I’m a Machine Learning researcher and M.Sc. student in Biomedical Engineering at Universidad de los Andes (CinfonIA), advised by Prof. Pablo Arbeláez. My work focuses on multimodal and generative deep learning for scientific applications. I am currently working projects on reproducible models and benchmarks for AI in materials science, drug discovery, and multimodal brain decoding. I’ve published in venues such as NeurIPS 2025 and Nature Scientific Data, and I collaborate with interdisciplinary teams as a Research Assistant in the Biomedical Computer Vision Group.
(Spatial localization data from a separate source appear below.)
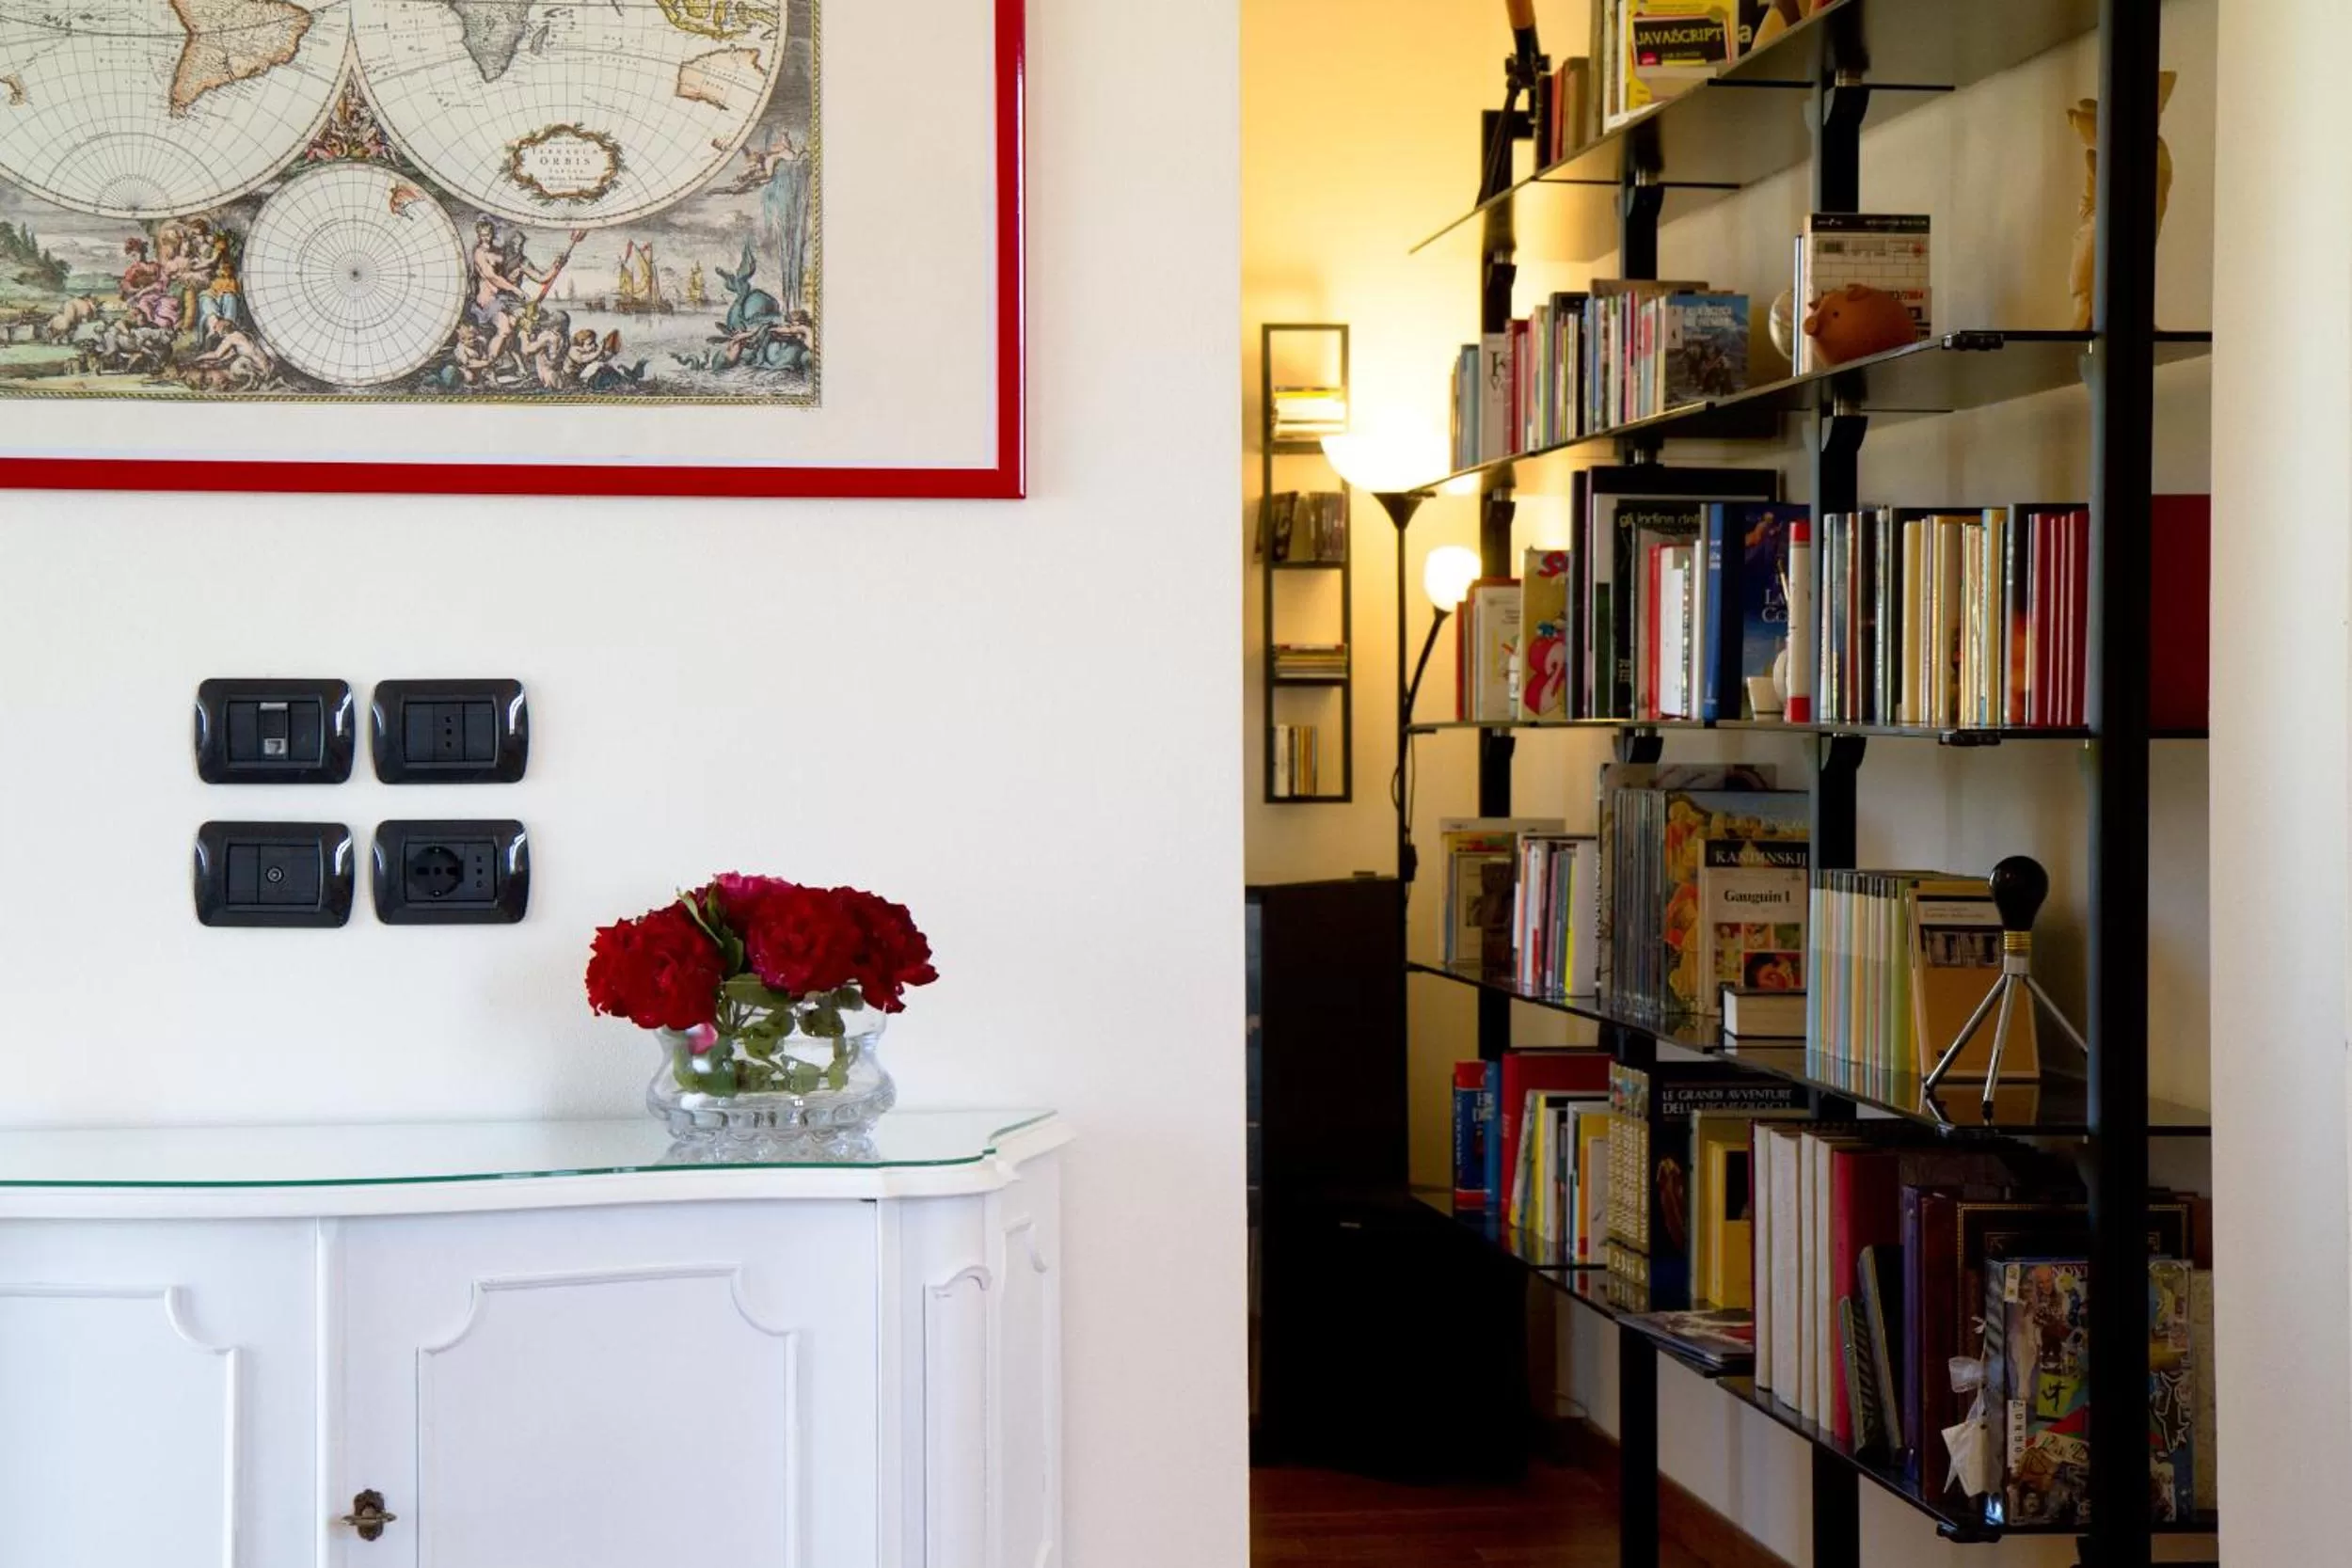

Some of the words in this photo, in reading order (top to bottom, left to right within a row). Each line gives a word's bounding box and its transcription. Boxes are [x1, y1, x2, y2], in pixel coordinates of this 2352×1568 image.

[1636, 26, 1724, 46] JAVASCRIPT
[539, 156, 591, 166] ORBIS
[1715, 849, 1806, 866] KANDINSKIJ
[1724, 889, 1782, 904] Gauguin
[1661, 1089, 1675, 1101] LE
[1678, 1089, 1724, 1101] GRANDI
[1726, 1088, 1792, 1100] AVVENTURE
My research interest includes generative models and multimodal learning in science and healthcare applications.
📝 Publications

A Standardized Benchmark for Multilabel Antimicrobial Peptide Classification
Sebastian Ojeda, Rafael Velasquez, Nicolás Aparicio, Juanita Puentes, Paula Cárdenas, Nicolás Andrade, Gabriel González, Sergio Rincón, Carolina Muñoz-Camargo, Pablo Arbeláez
- Built a comprehensive benchmark for multilabel antimicrobial peptide (AMP) classification, under a unified set of antimicrobial categories.
- Implemented a new SOTA baseline for AMP discovery employing transformers modules for sequence and 3D structure processing.
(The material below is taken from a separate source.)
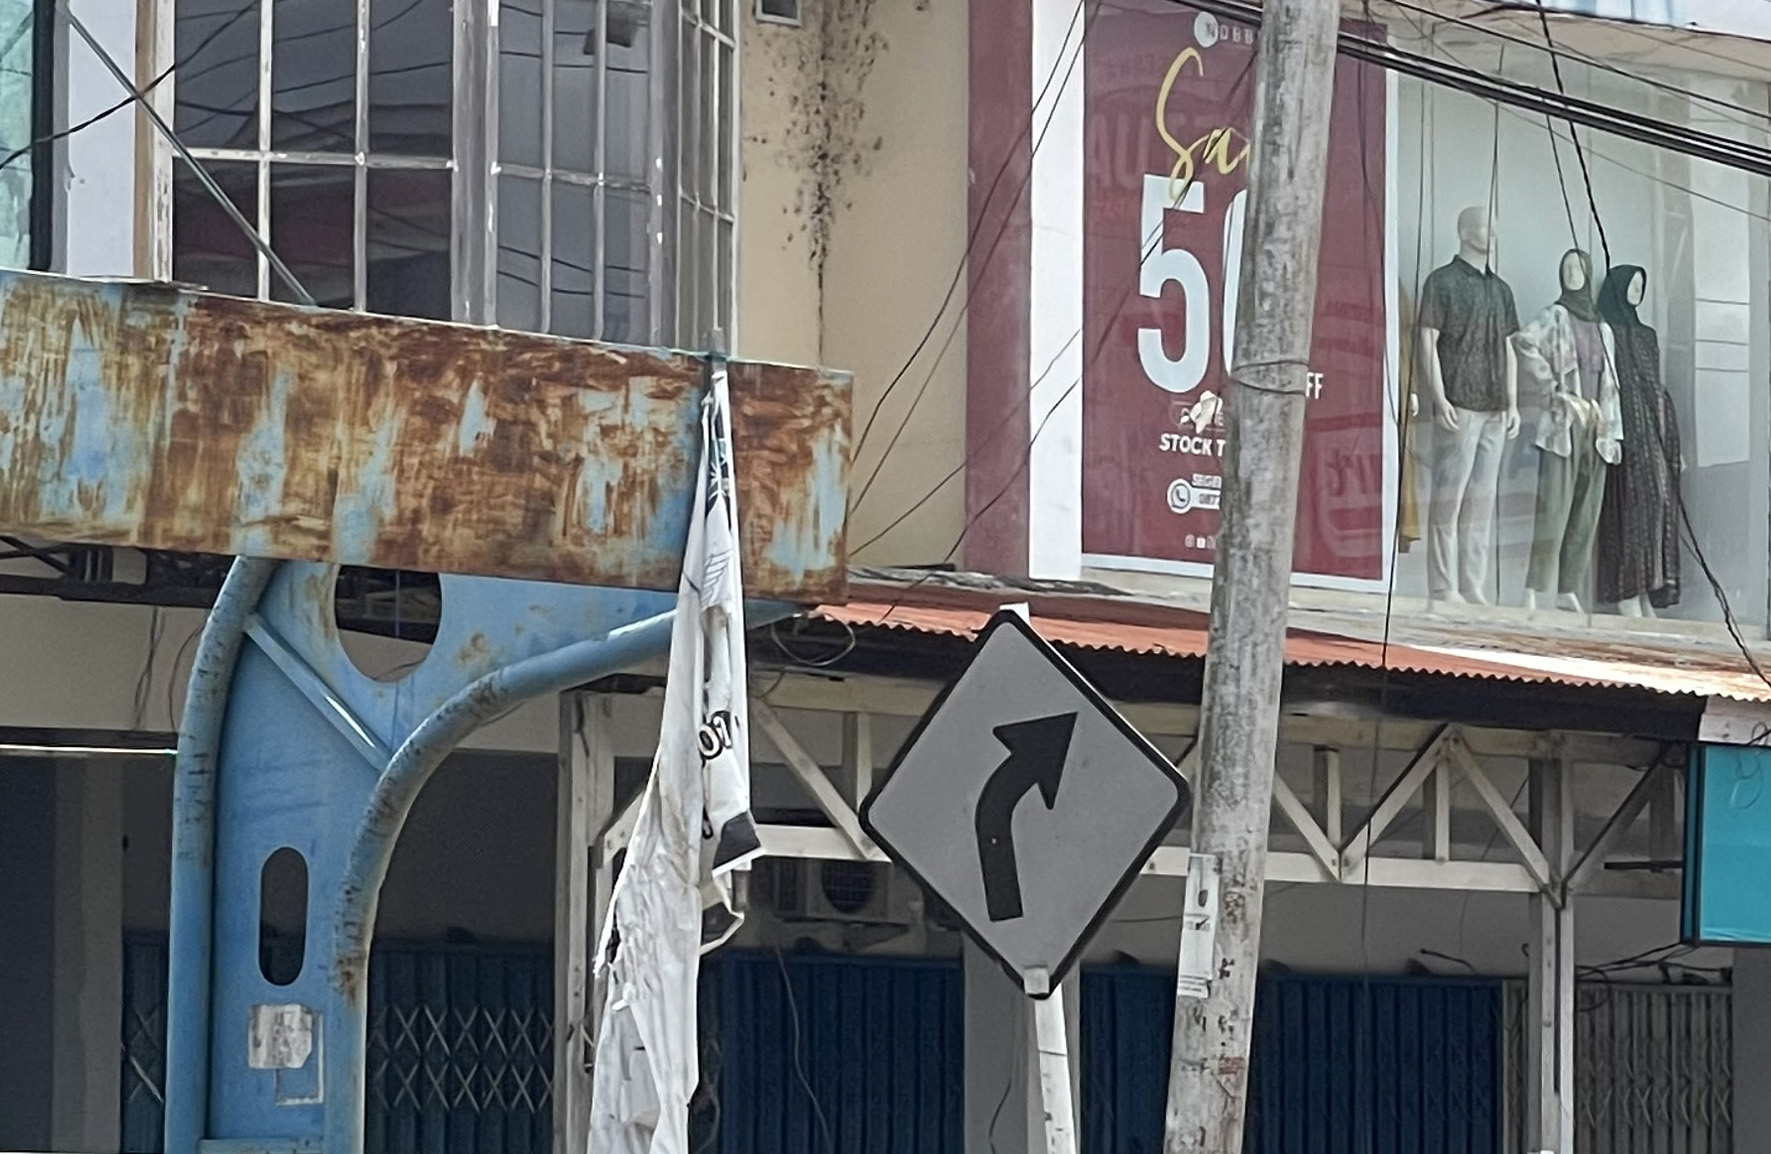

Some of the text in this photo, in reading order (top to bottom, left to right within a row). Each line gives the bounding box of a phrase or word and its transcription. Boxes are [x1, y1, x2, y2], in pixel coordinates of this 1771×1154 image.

[1138, 173, 1248, 393] 5
[1306, 372, 1324, 399] FF
[1159, 433, 1226, 457] STOCK T
A new benchmark for machine learning applied to powder X-ray diffraction
Sergio Rincón, Gabriel González, Mario A. Macías, Pablo Arbeláez
- Curated SIMPOD dataset of simulated powder XRD patterns from 467,861 crystal structures (COD), with 1D diffractograms and radial 2D representations.
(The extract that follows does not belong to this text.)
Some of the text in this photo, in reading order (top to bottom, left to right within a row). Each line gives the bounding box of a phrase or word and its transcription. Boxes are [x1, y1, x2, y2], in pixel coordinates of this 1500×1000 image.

- Created an open source pipeline for benchmarking Machine Learning and Computer Vision models for Space Group Prediction.
🎖 Honors and Awards
- 2019.01, Quiero Estudiar Escala Scholarship, Recipient of 95% tuition coverage awarded for academic excellence.
- 2025.10, RISE–MICCAI Mentorship Program, Selected mentee in a one-year program supporting early career researchers from low/middle income countries; mentored in collaboration with the University of Birmingham, UK.
📖 Education
- 2024.08 - 2026.04 (now), Universidad de los Andes, M.Sc. Biomedical Engineering.
- 2021.01 - 2024.04, Universidad de los Andes, B.Sc. Biomedical Engineering.
- 2019.01 - 2024.10, Universidad de los Andes, B.Sc. Electronics Engineering.
🎓 Theses
- M.Sc. Thesis, Universidad de los Andes
- Towards symmetric crystal structure prediction with flow matching equivariant transformers Google Scholar
Advisor: Pablo Arbeláez
- B.Sc. Thesis, Universidad de los Andes
- Robust-NeuroBiometrics: sistema robusto de identificación biométrica basado en señales de electroencefalograma (EEG) Google Scholar
Advisors: Pablo Arbeláez Fernando Lozano
🔬 Experience
- Research Assistant, Universidad de los Andes
- Research at the Biomedical Computer Vision Group at CinfonIA, advised by Prof. Pablo Arbeláez, focusing on multimodal and generative deep learning for drug discovery and materials design.
- External Researcher, University of Birmingham
- Research at the Computer Science Department, advised by Prof. Samuel Montero-Hernandez, focusing on multimodal brain decoding for fNIRS.